- _INSTRUCTIONS FOR THE TASK_
Transcribe the listing verbatim, please, with images dropped.

- _ENTRIES SHOWN_
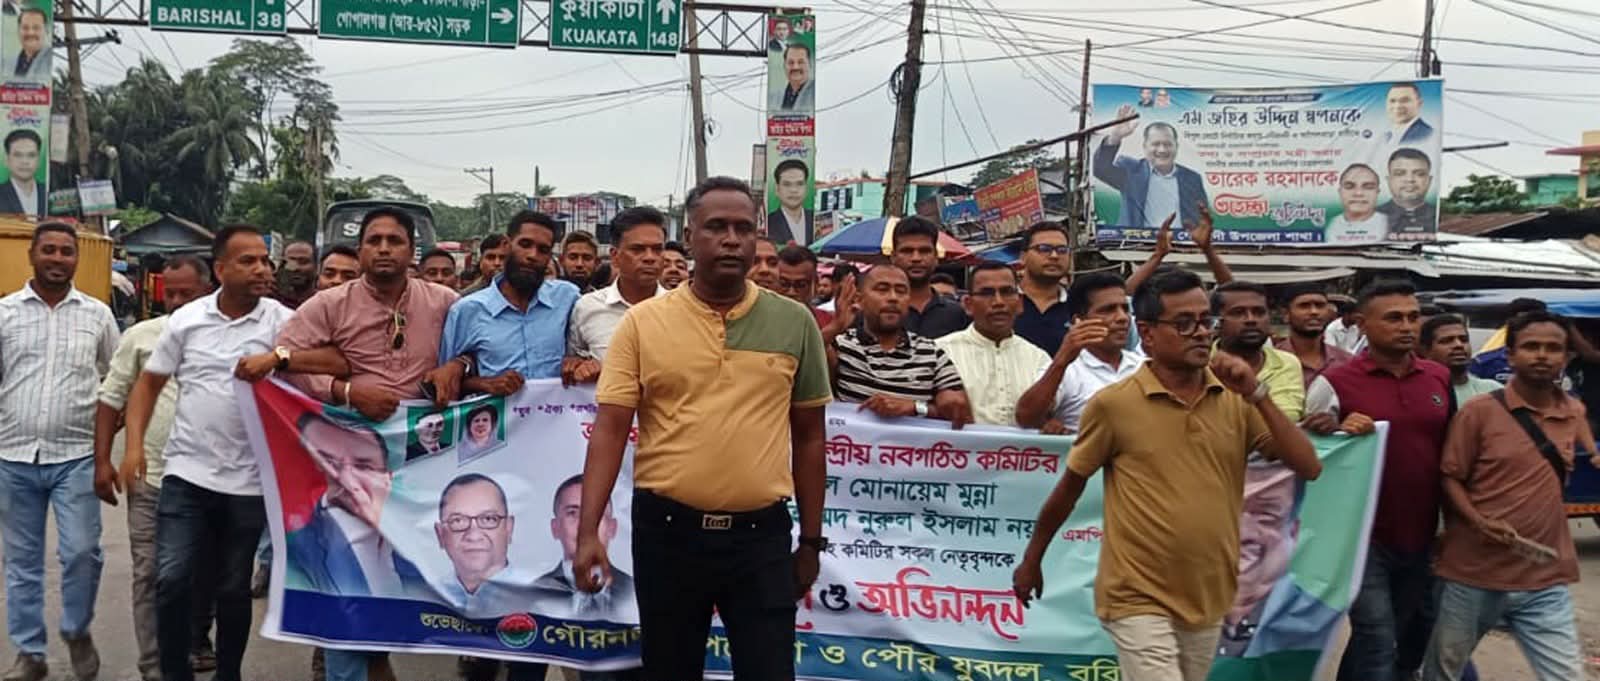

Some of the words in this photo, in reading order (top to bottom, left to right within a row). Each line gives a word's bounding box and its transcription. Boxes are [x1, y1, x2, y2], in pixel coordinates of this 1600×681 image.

[157, 7, 245, 26] BARISHAL
[257, 12, 282, 28] 38
[336, 11, 387, 30] গোপালগঞ্জ
[446, 17, 472, 38] সড়ক
[562, 28, 638, 46] KUAKATA
[651, 32, 678, 47] 148
[1178, 109, 1202, 125] এম
[1208, 106, 1248, 127] জহির
[1254, 106, 1299, 128] উদ্দিন
[1204, 171, 1260, 188] তারেক
[1264, 170, 1341, 189] রহমানকে
[878, 441, 970, 469] নবগঠিত
[976, 445, 1060, 474] কমিটির
[849, 477, 950, 503] মোনায়েম
[956, 481, 998, 509] মুন্না
[856, 508, 916, 536] নুরুল
[921, 508, 1000, 537] ইসলাম
[1006, 516, 1038, 540] নয়
[841, 539, 895, 560] কমিটির
[898, 544, 936, 561] সকল
[940, 549, 1016, 573] নেতৃবৃন্দকে
[819, 583, 850, 612] ও
[854, 566, 1024, 641] অভিনন্দন
[819, 645, 846, 665] ও
[861, 641, 940, 675] পৌর
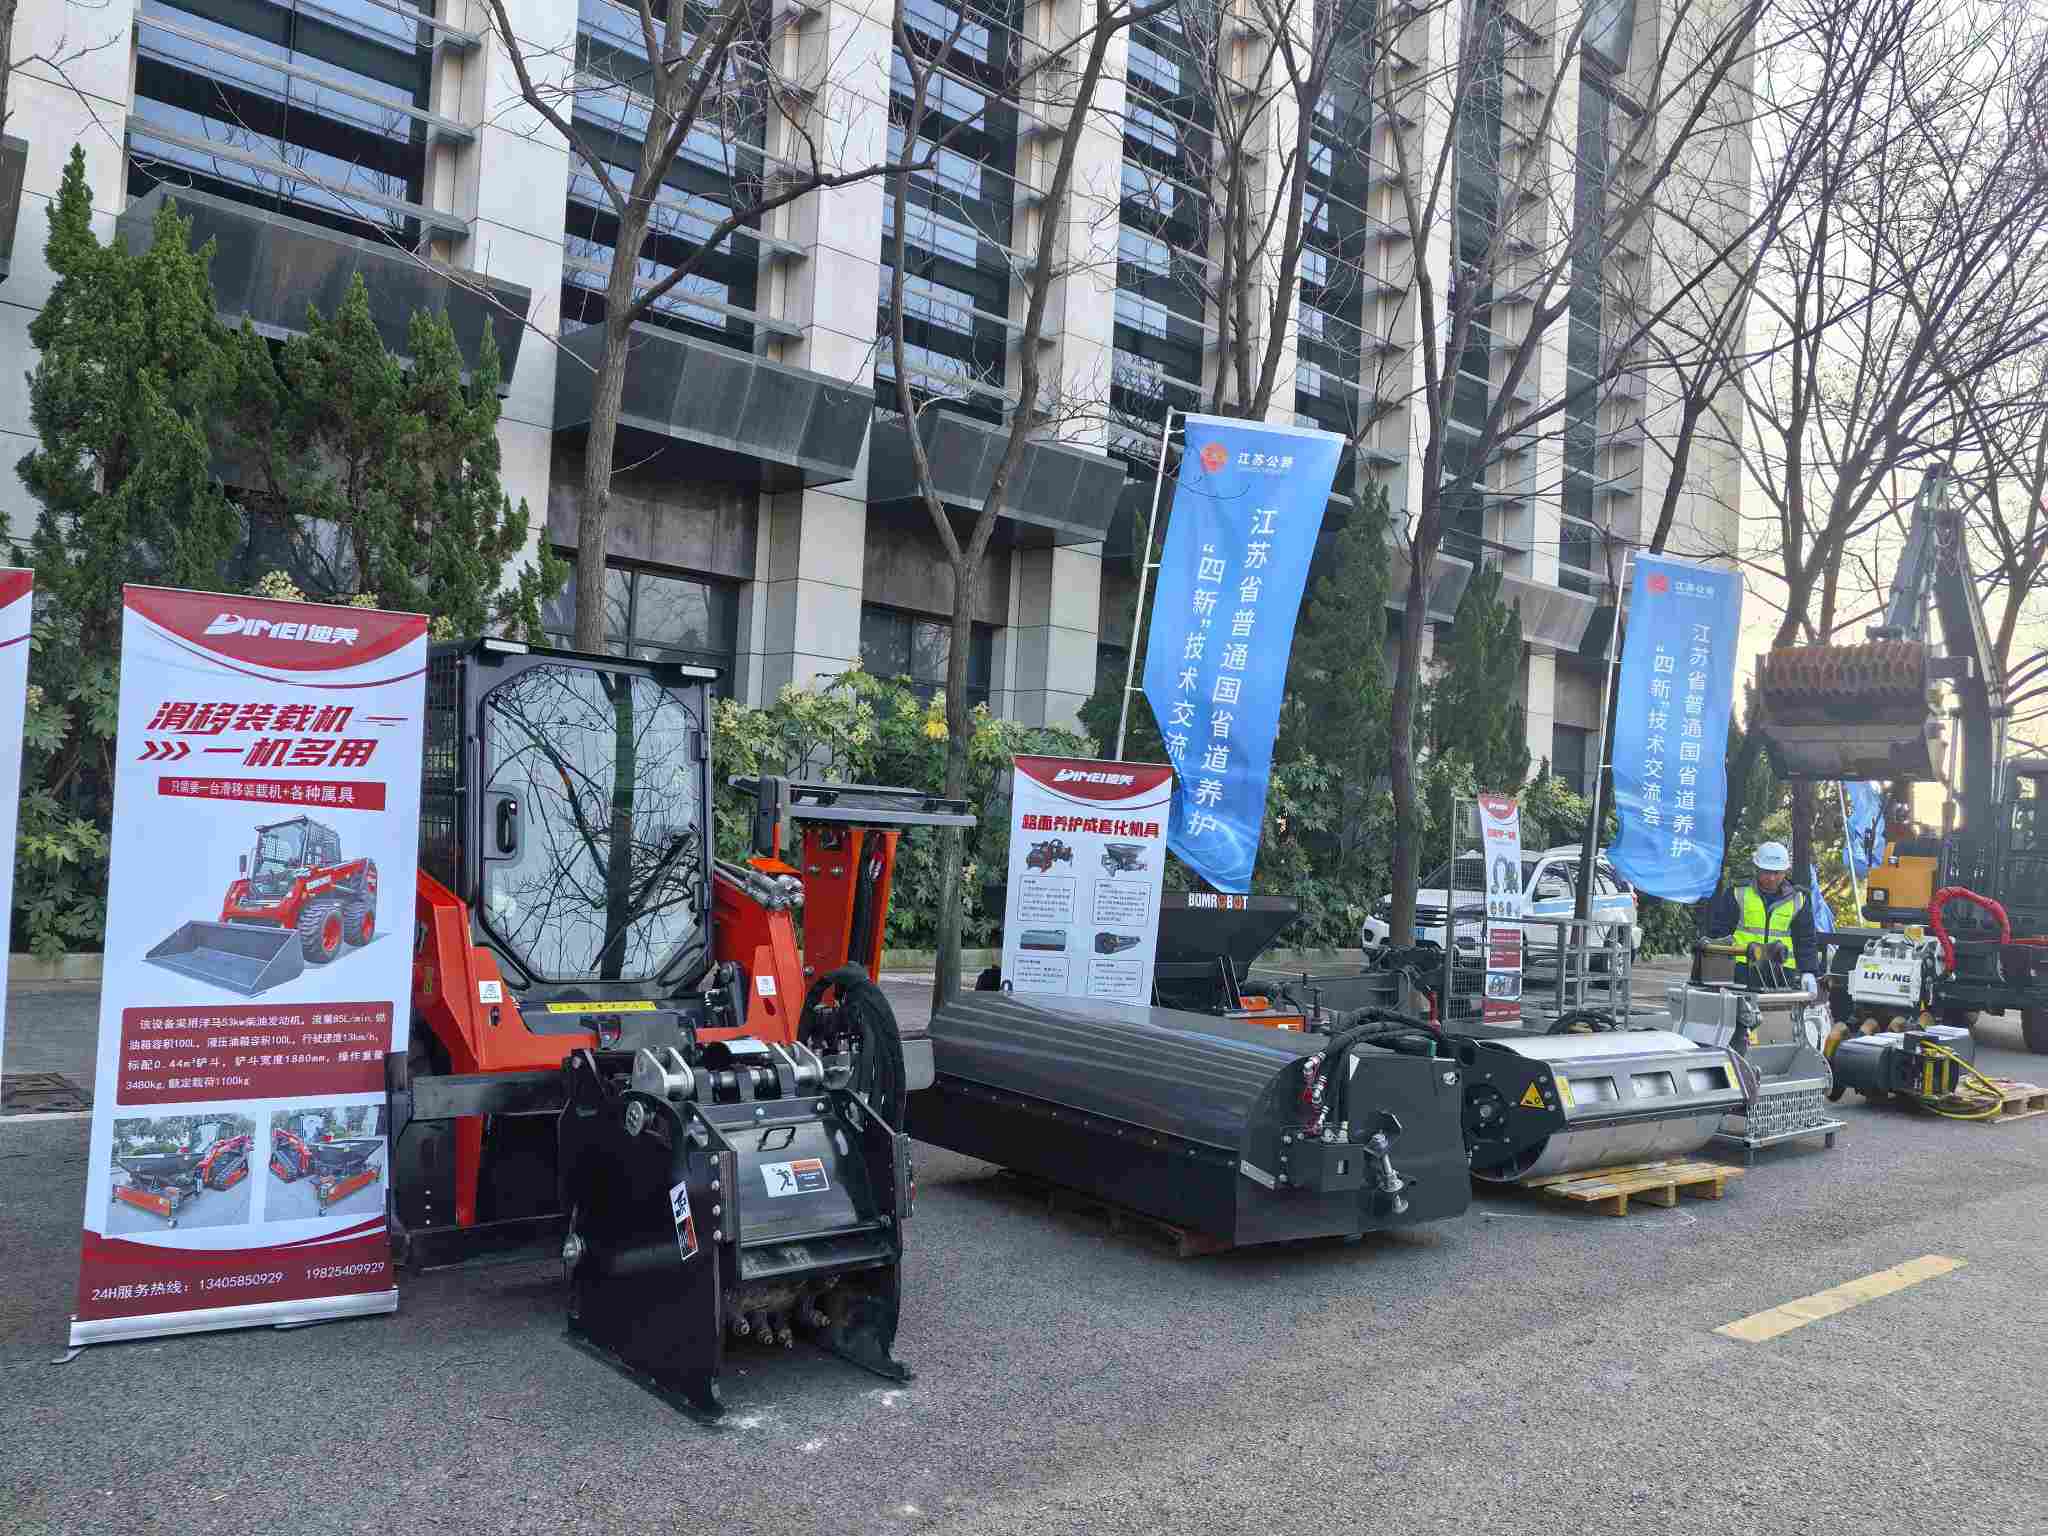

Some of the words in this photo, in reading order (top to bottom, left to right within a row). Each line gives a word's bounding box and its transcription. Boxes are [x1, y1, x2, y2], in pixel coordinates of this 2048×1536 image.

[1187, 508, 1279, 837] 江苏省普通国省道养护
[146, 701, 354, 735] 滑移装载机
[203, 738, 379, 768] 一机多用
[1671, 623, 1713, 857] 江苏省普通国省道养护
[1863, 971, 1912, 983] LIYANG
[199, 1271, 284, 1290] 13405850929
[305, 1261, 385, 1280] 19825409929

- _ANSWER BELOW_
Some of the words in this photo, in reading order (top to bottom, left to right within a row). Each line gives a word's bounding box and its transcription. Boxes are [x1, y1, x2, y2], in pixel coordinates of this 1600×681 image.

[157, 7, 245, 26] BARISHAL
[257, 12, 282, 28] 38
[336, 11, 387, 30] গোপালগঞ্জ
[446, 17, 472, 38] সড়ক
[562, 28, 638, 46] KUAKATA
[651, 32, 678, 47] 148
[1178, 109, 1202, 125] এম
[1208, 106, 1248, 127] জহির
[1254, 106, 1299, 128] উদ্দিন
[1204, 171, 1260, 188] তারেক
[1264, 170, 1341, 189] রহমানকে
[878, 441, 970, 469] নবগঠিত
[976, 445, 1060, 474] কমিটির
[849, 477, 950, 503] মোনায়েম
[956, 481, 998, 509] মুন্না
[856, 508, 916, 536] নুরুল
[921, 508, 1000, 537] ইসলাম
[1006, 516, 1038, 540] নয়
[841, 539, 895, 560] কমিটির
[898, 544, 936, 561] সকল
[940, 549, 1016, 573] নেতৃবৃন্দকে
[819, 583, 850, 612] ও
[854, 566, 1024, 641] অভিনন্দন
[819, 645, 846, 665] ও
[861, 641, 940, 675] পৌর

Some of the words in this photo, in reading order (top to bottom, left to right within a row). Each line gives a word's bounding box and its transcription. Boxes are [x1, y1, x2, y2], in pixel coordinates of this 2048×1536 image.

[1187, 508, 1279, 837] 江苏省普通国省道养护
[146, 701, 354, 735] 滑移装载机
[203, 738, 379, 768] 一机多用
[1671, 623, 1713, 857] 江苏省普通国省道养护
[1863, 971, 1912, 983] LIYANG
[199, 1271, 284, 1290] 13405850929
[305, 1261, 385, 1280] 19825409929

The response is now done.